Introduction
Introduction Statistics Contact Development Disclaimer Help
# taz.de -- Lettland will in die Euro-Zone: Beitritt ohne Mehrheit
> Lettland hat die Aufnahme in die Euro-Zone beantragt. Die Mehrheit der
> Bevölkerung möchte aber lieber die eigene Währung behalten.
Bild: Während die lettische Regierung den Euro sozusagen anheult, interessiert…

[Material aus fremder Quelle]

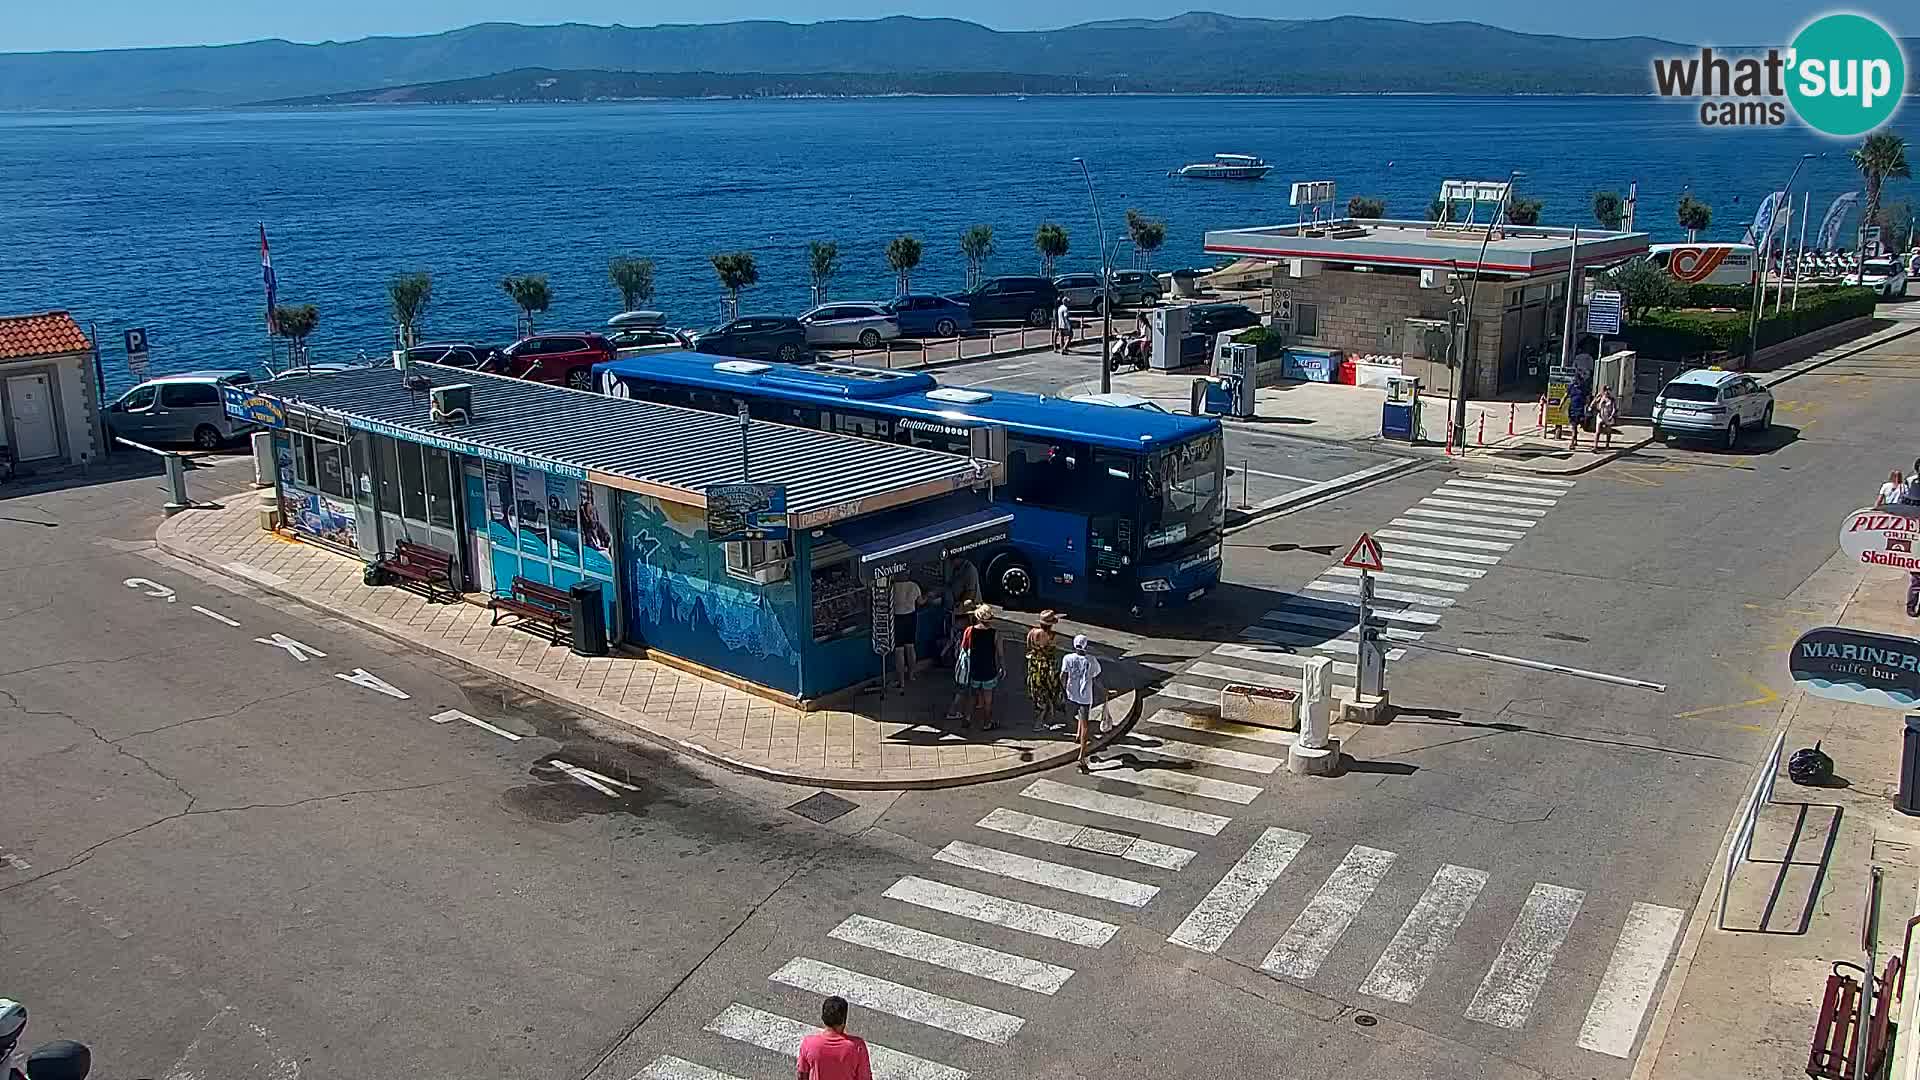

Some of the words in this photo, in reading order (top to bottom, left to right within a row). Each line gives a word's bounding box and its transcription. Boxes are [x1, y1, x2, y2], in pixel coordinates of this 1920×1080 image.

[130, 332, 142, 350] P
[478, 447, 492, 459] BUS
[493, 451, 526, 466] STATION
[528, 458, 553, 472] TICKET
[555, 463, 583, 478] OFFICE
[1849, 515, 1920, 533] PIZZE
[1883, 530, 1919, 541] GRILL
[1802, 642, 1920, 674] MARINER
[1830, 662, 1867, 676] caffe
[1871, 666, 1899, 681] bar

STOCKHOLM taz | Lettland will achtzehntes Euroland werden. Am
Montagvormittag unterzeichnete Ministerpräsident Valdis Dombrovskis
zusammen mit Finanzminister Andris Vilks und Nationalbankchef Ilmars
Rimsevics den Brief nach Brüssel, in dem Riga bei der EU-Kommission einen
„außerordentlichen Konvergenzbericht“ beantragt. Bestätigt dieser Bericht
bis Mitte des Jahres, dass das Land die Maastricht-Kriterien erfüllt, soll
der Euro zum 1. Januar 2014 eingeführt werden.

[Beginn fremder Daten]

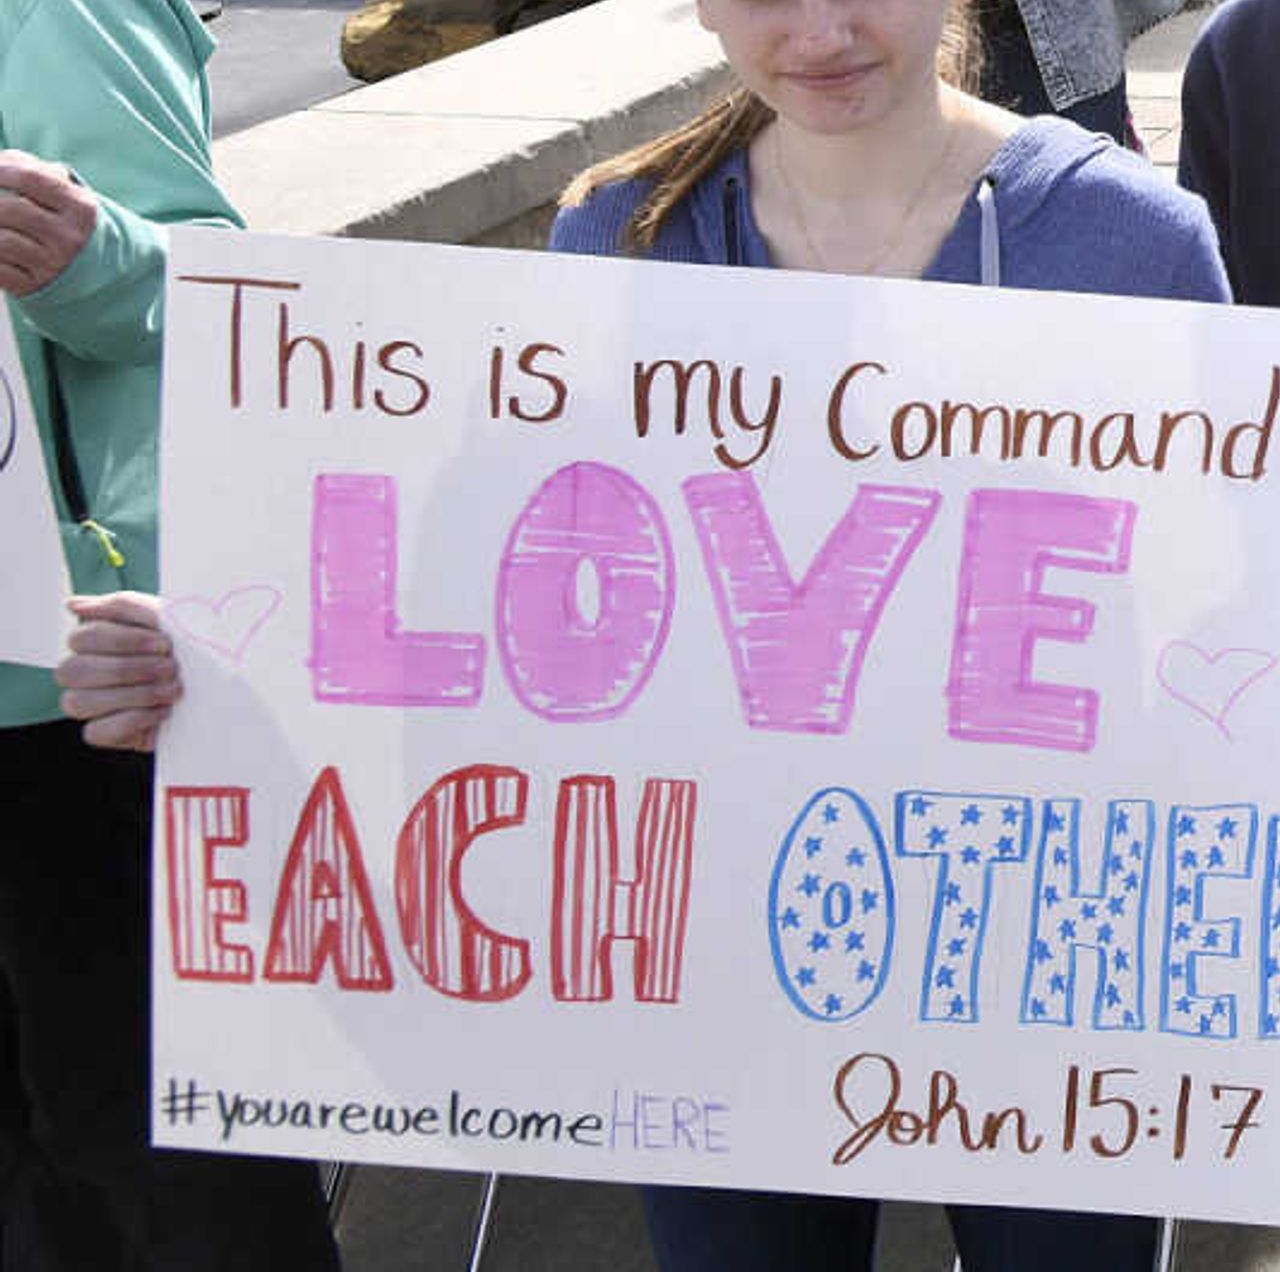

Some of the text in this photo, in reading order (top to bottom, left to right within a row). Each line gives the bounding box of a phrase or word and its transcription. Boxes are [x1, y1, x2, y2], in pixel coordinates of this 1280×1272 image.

[176, 275, 431, 417] This
[489, 327, 568, 422] is
[633, 358, 782, 470] my
[308, 461, 1138, 753] LOVE
[166, 763, 697, 1004] EACH
[833, 1052, 1264, 1165] John 15:17

Einen entsprechenden Zeitplan hatte das Parlament im Januar mit 52 gegen 40
Stimmen abgesegnet. Eine Mehrheit der Bevölkerung hat die Regierung bei
dieser Entscheidung aber nicht hinter sich. Rund zwei Drittel der LettInnen
möchte gern die eigene Währung beibehalten. Das hat zum Teil sentimentale
Gründe. Als der Lats 1993 den Rubel ablöste, galt das als so etwas wie die
endgültige Bekräftigung der Unabhängigkeit des Landes.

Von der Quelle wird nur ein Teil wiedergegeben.